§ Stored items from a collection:

• • • • •

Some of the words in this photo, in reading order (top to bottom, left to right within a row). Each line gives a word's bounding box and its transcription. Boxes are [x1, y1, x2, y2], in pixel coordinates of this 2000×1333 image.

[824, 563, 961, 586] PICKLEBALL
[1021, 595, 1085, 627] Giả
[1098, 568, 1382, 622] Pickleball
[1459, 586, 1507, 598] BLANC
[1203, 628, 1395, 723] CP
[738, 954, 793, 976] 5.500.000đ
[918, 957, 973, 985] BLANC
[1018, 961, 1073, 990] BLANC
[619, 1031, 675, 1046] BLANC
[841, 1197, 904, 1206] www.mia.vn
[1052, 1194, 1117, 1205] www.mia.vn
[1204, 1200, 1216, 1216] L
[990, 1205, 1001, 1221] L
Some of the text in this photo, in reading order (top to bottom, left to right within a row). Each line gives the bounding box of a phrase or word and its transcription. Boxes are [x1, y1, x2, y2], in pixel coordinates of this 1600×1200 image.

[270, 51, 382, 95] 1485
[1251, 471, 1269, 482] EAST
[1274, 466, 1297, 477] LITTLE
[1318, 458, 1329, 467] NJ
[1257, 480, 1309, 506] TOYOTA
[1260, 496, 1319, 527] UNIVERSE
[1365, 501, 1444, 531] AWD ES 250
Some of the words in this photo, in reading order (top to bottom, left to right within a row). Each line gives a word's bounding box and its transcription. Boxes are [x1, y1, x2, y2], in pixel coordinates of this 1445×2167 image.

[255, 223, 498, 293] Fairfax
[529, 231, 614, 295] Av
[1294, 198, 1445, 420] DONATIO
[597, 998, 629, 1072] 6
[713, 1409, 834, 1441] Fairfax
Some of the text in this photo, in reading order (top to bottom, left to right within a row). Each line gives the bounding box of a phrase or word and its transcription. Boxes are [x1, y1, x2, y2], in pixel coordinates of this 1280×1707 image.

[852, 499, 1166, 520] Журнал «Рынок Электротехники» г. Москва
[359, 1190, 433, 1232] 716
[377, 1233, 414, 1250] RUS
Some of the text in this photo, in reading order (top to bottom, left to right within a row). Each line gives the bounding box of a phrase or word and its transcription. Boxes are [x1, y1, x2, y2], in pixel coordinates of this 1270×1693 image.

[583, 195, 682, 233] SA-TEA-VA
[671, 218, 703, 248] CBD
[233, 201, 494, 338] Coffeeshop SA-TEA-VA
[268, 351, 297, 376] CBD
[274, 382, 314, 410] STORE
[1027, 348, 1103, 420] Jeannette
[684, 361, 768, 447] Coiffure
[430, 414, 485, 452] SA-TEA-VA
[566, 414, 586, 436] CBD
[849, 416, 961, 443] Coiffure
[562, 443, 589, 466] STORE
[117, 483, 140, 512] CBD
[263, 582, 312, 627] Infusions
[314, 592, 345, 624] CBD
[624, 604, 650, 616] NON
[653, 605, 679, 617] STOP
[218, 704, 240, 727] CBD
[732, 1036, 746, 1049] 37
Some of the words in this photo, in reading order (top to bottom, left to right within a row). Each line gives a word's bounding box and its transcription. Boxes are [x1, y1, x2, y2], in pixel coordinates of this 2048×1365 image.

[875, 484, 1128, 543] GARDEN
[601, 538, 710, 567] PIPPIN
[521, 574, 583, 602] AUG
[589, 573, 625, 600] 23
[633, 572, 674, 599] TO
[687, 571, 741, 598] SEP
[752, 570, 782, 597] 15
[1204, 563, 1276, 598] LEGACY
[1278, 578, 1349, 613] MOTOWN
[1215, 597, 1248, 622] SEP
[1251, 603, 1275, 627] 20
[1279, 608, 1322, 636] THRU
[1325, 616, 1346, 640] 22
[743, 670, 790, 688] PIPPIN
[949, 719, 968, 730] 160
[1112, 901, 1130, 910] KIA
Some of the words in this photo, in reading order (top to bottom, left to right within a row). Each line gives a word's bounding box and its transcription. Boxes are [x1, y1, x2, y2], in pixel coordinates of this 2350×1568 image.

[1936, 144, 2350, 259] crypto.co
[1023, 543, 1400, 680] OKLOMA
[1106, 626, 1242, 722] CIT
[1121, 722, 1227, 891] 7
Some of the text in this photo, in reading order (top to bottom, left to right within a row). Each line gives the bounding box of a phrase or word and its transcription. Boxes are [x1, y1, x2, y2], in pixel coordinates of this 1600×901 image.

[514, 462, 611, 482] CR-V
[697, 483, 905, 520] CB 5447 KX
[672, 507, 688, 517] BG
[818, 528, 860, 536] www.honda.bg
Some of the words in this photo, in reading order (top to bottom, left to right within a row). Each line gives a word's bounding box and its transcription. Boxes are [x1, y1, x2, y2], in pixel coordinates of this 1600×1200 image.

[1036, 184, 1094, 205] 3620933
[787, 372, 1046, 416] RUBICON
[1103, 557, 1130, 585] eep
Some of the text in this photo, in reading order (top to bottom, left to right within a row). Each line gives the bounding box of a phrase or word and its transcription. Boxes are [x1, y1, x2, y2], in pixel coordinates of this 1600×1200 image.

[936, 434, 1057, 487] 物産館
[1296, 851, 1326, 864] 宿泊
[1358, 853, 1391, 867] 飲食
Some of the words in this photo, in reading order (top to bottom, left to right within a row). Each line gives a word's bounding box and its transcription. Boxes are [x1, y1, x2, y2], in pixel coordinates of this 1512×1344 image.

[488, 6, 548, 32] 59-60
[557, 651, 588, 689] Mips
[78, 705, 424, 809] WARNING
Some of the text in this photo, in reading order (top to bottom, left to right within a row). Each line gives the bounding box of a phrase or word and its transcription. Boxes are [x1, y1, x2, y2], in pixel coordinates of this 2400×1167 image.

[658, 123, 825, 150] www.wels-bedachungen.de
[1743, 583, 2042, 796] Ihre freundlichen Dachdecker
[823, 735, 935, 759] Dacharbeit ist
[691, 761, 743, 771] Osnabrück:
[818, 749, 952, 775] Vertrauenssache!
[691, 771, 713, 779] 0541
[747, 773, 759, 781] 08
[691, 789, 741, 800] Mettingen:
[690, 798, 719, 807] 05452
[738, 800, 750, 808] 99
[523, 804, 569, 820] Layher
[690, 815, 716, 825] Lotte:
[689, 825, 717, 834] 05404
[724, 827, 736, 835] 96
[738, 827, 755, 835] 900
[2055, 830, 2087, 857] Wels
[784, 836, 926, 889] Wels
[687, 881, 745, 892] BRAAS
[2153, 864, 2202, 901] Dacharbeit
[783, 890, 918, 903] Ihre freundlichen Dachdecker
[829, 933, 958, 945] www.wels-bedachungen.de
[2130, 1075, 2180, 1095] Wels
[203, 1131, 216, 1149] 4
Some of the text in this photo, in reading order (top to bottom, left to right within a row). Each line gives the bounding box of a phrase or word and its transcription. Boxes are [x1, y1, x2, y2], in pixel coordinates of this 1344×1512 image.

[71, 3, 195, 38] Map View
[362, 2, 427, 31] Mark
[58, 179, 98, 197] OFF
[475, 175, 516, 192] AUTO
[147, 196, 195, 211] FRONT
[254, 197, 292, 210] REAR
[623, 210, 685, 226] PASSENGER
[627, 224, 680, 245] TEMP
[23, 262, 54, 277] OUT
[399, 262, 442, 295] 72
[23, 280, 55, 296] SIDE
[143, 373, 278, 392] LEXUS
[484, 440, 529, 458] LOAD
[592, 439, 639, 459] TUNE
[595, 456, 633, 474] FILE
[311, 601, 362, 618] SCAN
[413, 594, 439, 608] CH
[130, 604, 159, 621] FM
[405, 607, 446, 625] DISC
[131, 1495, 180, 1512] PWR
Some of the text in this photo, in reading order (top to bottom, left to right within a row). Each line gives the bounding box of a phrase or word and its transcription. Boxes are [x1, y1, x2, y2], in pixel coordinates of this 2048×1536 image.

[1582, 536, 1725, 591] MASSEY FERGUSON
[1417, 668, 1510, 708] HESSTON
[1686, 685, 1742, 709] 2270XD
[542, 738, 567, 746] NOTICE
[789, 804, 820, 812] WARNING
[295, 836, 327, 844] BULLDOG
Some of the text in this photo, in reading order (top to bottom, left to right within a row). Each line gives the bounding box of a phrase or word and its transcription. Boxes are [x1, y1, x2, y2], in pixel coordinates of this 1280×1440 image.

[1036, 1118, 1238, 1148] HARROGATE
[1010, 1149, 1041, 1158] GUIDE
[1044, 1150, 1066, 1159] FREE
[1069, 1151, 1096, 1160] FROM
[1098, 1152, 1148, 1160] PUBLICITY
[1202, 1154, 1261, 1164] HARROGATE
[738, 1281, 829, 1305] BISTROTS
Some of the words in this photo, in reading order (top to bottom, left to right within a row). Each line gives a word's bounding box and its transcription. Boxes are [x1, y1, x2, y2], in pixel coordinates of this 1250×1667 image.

• • • • •

§ Your instructions:
Print each line, exactly as written, from the one that contains "this 1280×1440 image." to the end of the data above, with both end lines included and nothing else.

§ Result below:
Some of the text in this photo, in reading order (top to bottom, left to right within a row). Each line gives the bounding box of a phrase or word and its transcription. Boxes are [x1, y1, x2, y2], in pixel coordinates of this 1280×1440 image.

[1036, 1118, 1238, 1148] HARROGATE
[1010, 1149, 1041, 1158] GUIDE
[1044, 1150, 1066, 1159] FREE
[1069, 1151, 1096, 1160] FROM
[1098, 1152, 1148, 1160] PUBLICITY
[1202, 1154, 1261, 1164] HARROGATE
[738, 1281, 829, 1305] BISTROTS
Some of the words in this photo, in reading order (top to bottom, left to right within a row). Each line gives a word's bounding box and its transcription. Boxes are [x1, y1, x2, y2], in pixel coordinates of this 1250×1667 image.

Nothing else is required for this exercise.